Task prompt: Could you output every record below exactly as it appears?

[Data records]
Segment Open

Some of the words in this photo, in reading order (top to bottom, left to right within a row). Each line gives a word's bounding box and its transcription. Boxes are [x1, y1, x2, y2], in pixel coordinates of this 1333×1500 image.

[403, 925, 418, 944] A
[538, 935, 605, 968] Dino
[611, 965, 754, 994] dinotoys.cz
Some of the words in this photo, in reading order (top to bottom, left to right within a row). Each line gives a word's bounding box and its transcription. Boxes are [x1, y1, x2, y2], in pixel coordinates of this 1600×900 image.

Segment Closed

Task answer:
Some of the words in this photo, in reading order (top to bottom, left to right within a row). Each line gives a word's bounding box and its transcription. Boxes are [x1, y1, x2, y2], in pixel coordinates of this 1333×1500 image.

[403, 925, 418, 944] A
[538, 935, 605, 968] Dino
[611, 965, 754, 994] dinotoys.cz
Some of the words in this photo, in reading order (top to bottom, left to right within a row). Each line gives a word's bounding box and its transcription. Boxes are [x1, y1, x2, y2], in pixel coordinates of this 1600×900 image.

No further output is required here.